それを聞いた彼の頬に、一筋の冷や汗が伝った。
「じょ……上級魔族を従える人間!? 本当に化け物じゃないですか!!」
「化け物なんて、失礼な!」
私は本気で怒った。
いつも周りから化け物扱いされるけど、初対面の魔族にまで化け物呼ばわりされる筋合いはない。

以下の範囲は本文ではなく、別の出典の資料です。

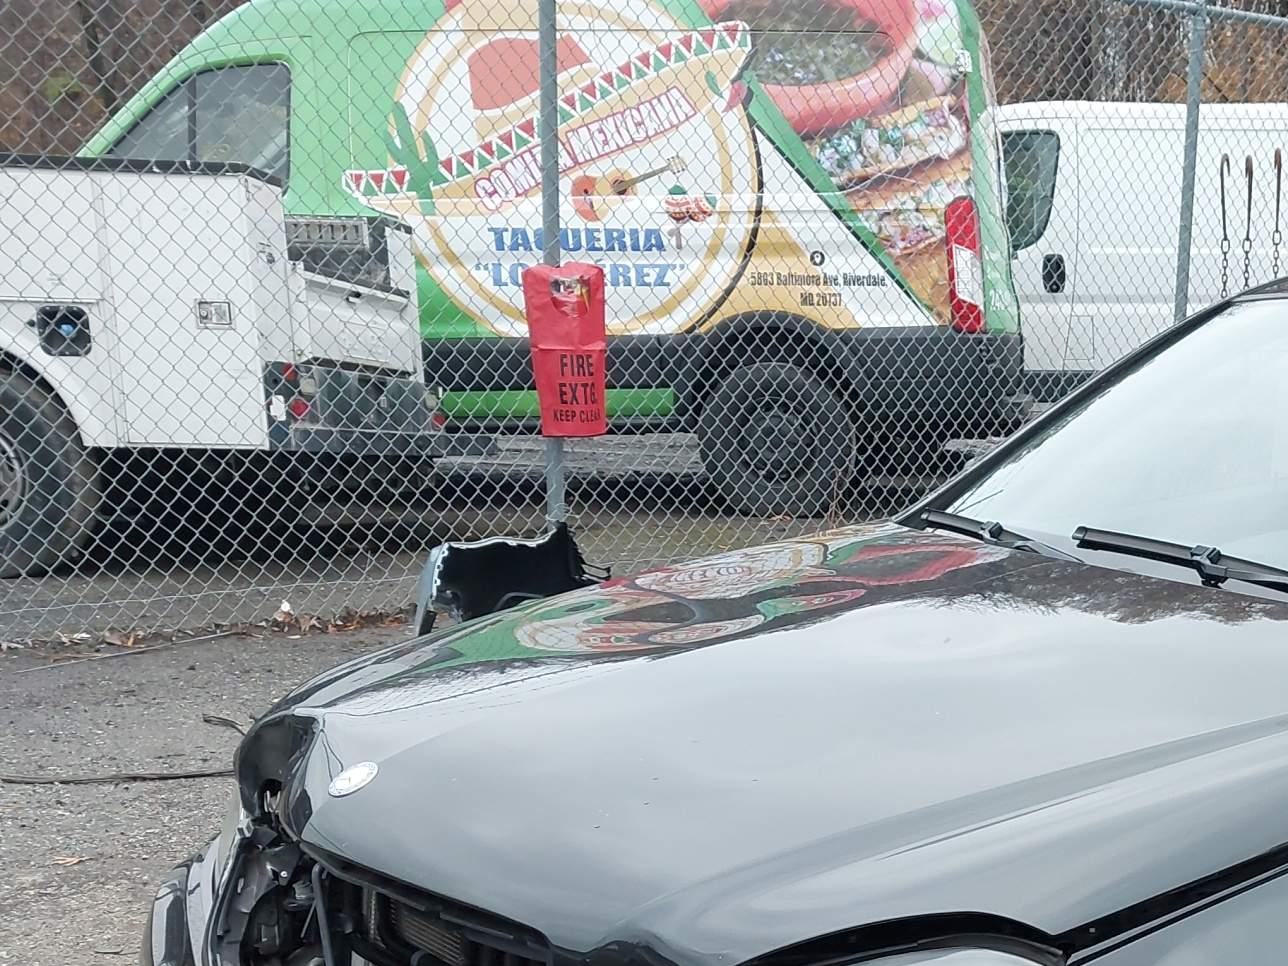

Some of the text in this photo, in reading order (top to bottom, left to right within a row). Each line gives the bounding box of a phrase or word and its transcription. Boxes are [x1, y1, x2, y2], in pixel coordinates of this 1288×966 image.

[565, 85, 697, 164] MEXICANA
[776, 272, 821, 286] Baltimore
[816, 292, 842, 307] 20737
[560, 354, 595, 377] FIRE
[553, 409, 576, 423] KEEP
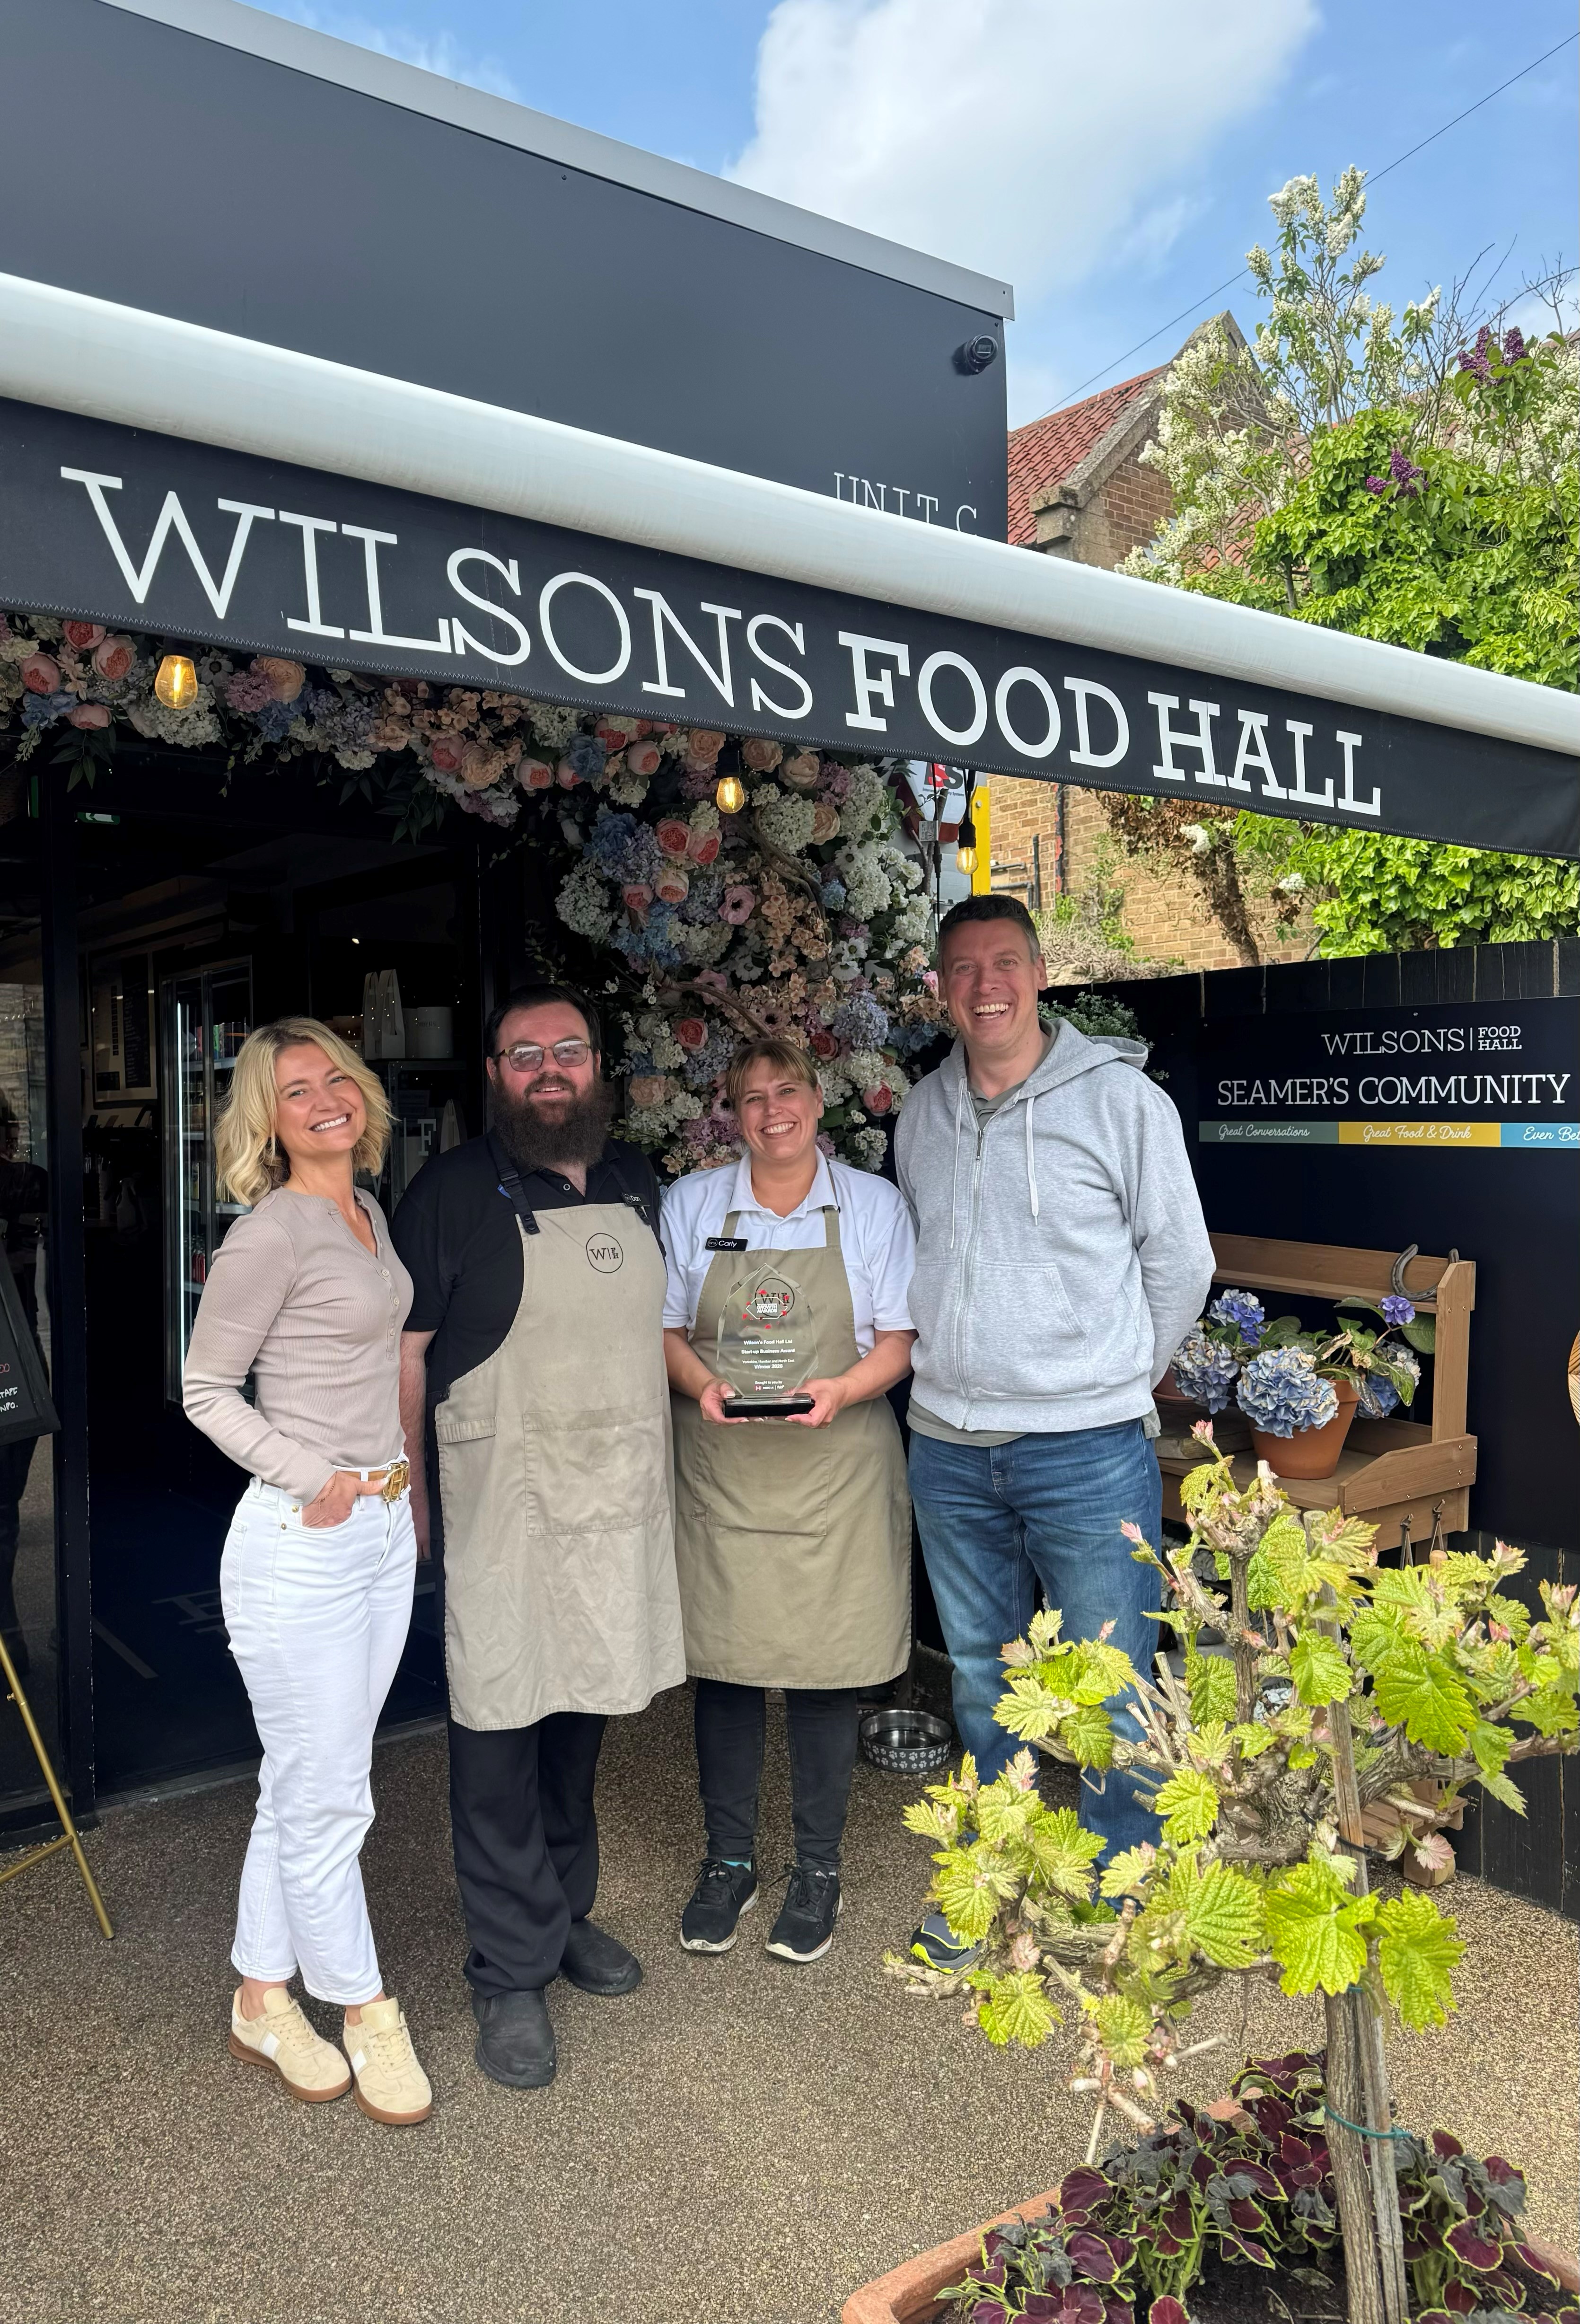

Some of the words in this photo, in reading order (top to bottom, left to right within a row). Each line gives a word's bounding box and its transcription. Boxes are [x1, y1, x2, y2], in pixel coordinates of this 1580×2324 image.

「八百年ですよ、八百年! 八百年も待たされて、やっ……と冒険者が来たかと思えば、こんな化け物パーティの相手をさせられる私の身にもなって下さいよ! どう見たってこんなの、ただの集団リンチじゃないですかっ!!」
両手を広げて力説する、上級魔族ヴィルギス。
「せめて……一対一、一対一での戦いを!」
往生際が悪過ぎる。
というよりは、仮にも四本角の上級魔族なんだから、私たち全員より強いはずなんだけど。私、アスナはいわずもがなで、同格のカナは角がないし、デルマは格下、部屋が狭過ぎてジルは真竜に戻れない。確実にヴィルギス有利だ。
何を怖れる必要があるのだろうか。
念のため、誰との一騎打ちをご所望なのかを確認する。
「……で、誰と戦うの?」
「その人間に化けた人魚と……」
あまりの情けなさに、思わず飛び蹴りを叩き込んでしまった。
よりによって、パーティの中で一番戦闘に向かないテラソマに挑もうだなんて。
「いっ……痛いっ! 何をするんですか、『剣聖の姫君』っ!!」
「この子は、うちの非戦闘員なの! そっちこそ卑怯じゃない!」
「だって、一番弱そうだったものですから……」
地上階からずっとテラソマばかり狙われているけど、この迷宮はテラソマを狙う決まりでもあるんだろうか。
「……もういい。私が相手になるから」
「魔族を従える『剣聖』とか、完全に私の負け確定じゃないですかっ!」
「戦ってみなきゃ、分かんないでしょ」
「いいえ、分かります! 分かりますとも。一分後には、私のバラバラ死体がここに転がっているんですっ! その未来がありありと見えますよ!」
そこまで酷い目に合わせるつもりは、ないんだけど……。
「……あ、あの……そうだ、試合! 試合形式という事でいかがでしょう? ぜひとも、寸止めの試合という事でお願い致しますっ!!」
試合形式。最初から私が申し込むつもりだったものだ。
渡りに船のはずなんだけど、これは本当に渡りに船と言ってしまっていいのだろうか……。
「じゃあ、それで」
「あっ……ありがとうございますっ! ありがとうございますっ! お優しい『剣聖の姫君』様に感謝致しますっ!!」
土下座をして、泣いて喜ぶヴィルギス。
最初の威厳やら、気迫はどこに消えてしまったのだろう。
そして私とヴィルギス、一対一の戦いが始まる。